Abnormal Use and the North Carolina Law Blog

As you know, we here at Abnormal Use love blogging, so much so that our editor Jim Dedman is now contributing one monthly post to the North Carolina Law Blog.  Earlier today, his first submission was published at that site.  The topic: To Text, Or Not To Text – The Lawyers Dilemma. Jim’s post is a response to an earlier blog entry by Carolyn Elefant at the Small Firm Innovation blog.

With so many people texting one another, lawyers should pause to reflect upon whether it is an appropriate manner to communicate with clients. To whet your appetite, here’s an excerpt of Jim’s post:

[T]he medium of texting – its immediacy, its brevity, and its simplicity – suggests that it may be an inappropriate medium for any communication that is remotely substantive.  Texts, by their nature, are ephemeral.  They are not filed, they are not saved, they are generally not kept in any meaningful fashion.  However, communications with one’s clients – particularly communications which offer or purport to offer any type of legal advice – should probably be kept in one’s file.  Thus, lawyers who text may face the hassle of having to download, maintain, or otherwise track their texts and preserve them for their files.  This seems like an unnecessary task, particularly when users of smart phones can simply use an email rather than a text from the same device and avoid any issues on that front.

The North Carolina Law Blog is sponsored by the North Carolina Bar Association Center for Practice Management.  A relatively new member of the legal blogosphere, it officially began in May of this year.  A group blog, it currently has 13 writers.  Jim plans to submit one post per month to the North Carolina Law Blog, and we’ll certainly direct you to any content of his at that site upon its publication.

Happy Birthday, Drug and Device Law Blog!

Last year, on October 28, 2010, we wished our friends at the Drug and Device Law blog a happy fourth birthday. Since they are some of the writers that inspired us to begin blogging, we do so again today and wish them a happy fifth birthday today.

We anticipate our friends at Drug and Device Law will engage in some introspective blogging today, just as they have done in years past on this special occasion.  After all, the anniversary of a blog’s birth is a significant opportunity to reflect upon the advantages and disadvantages of the blogging enterprise.  It provides the blogger a day to reminisce upon his or her favorite posts of the past year.  In the end, it is a great chance to analyze whether the blog itself has been successful in promoting one’s firm and business. It seems to have been for those guys.
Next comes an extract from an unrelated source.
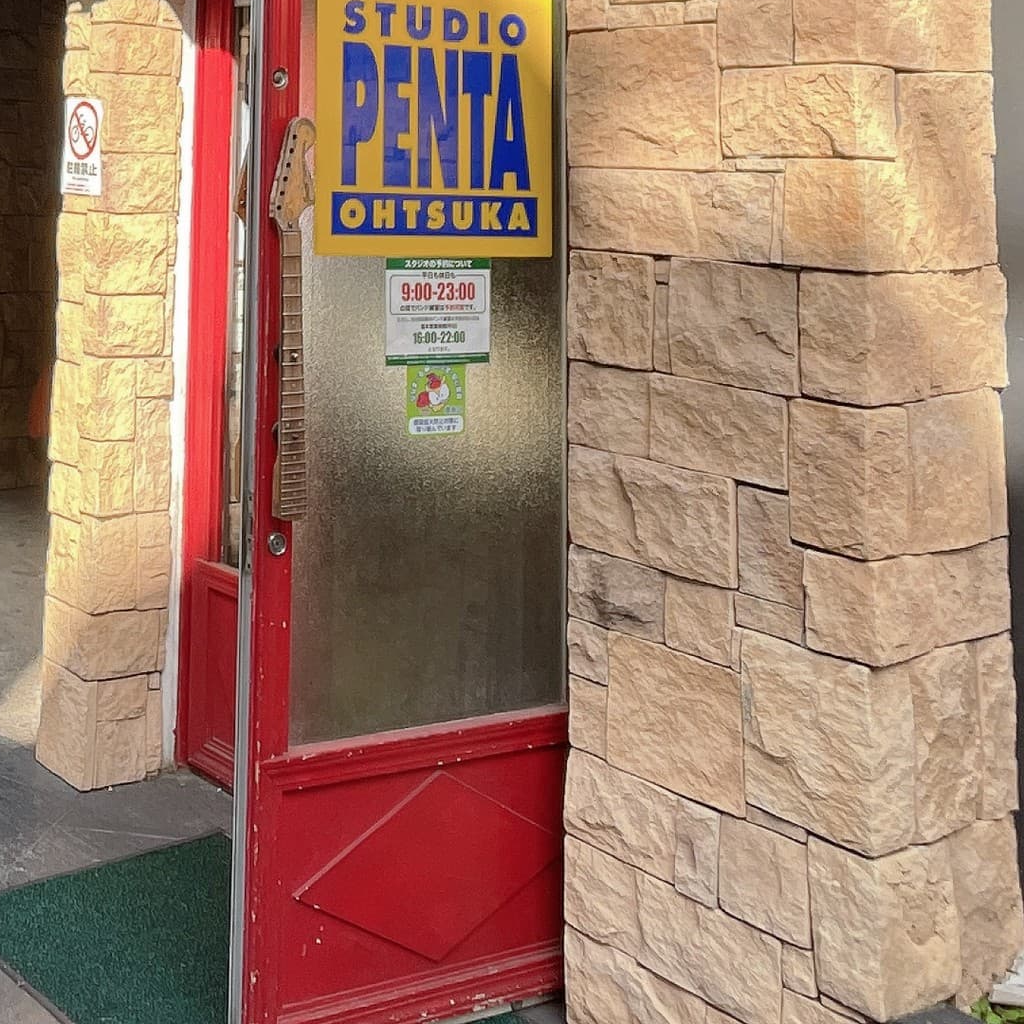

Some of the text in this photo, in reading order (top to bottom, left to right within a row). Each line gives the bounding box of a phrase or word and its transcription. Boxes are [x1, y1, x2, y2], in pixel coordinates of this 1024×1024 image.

We ourselves are certainly not immune to this sort of blogging, as we did so on our first birthday in January of 2011.  Indeed, we here at Abnormal Use have been known to go so far as to blog about the merits of legal blogging.  You can expect some more of that as we approach our second birthday – which occurs the first week of January.  (Get us a present!) At the end of the day, most bloggers write because they enjoy doing so, and it is very apparent that the guys at the Drug and Device Law blog have a good time offering their commentary to the world.  (Who else would turn a post about a recent pain pump case into a treatise on George Harrison?)

So, today, we wish them a happy fifth birthday and look forward to many more years of output from them.

“Objection, Form” v. “Object to the Form”

As lawyers, and more importantly, as bloggers, we here at Abnormal Use are huge nerds.  Accordingly, we sometimes lose sight of the forest for the trees and develop silly idiosyncrasies based on our interpretation of legal minutiae.  Today, we write of one such quirk: objections to the form of questions at depositions.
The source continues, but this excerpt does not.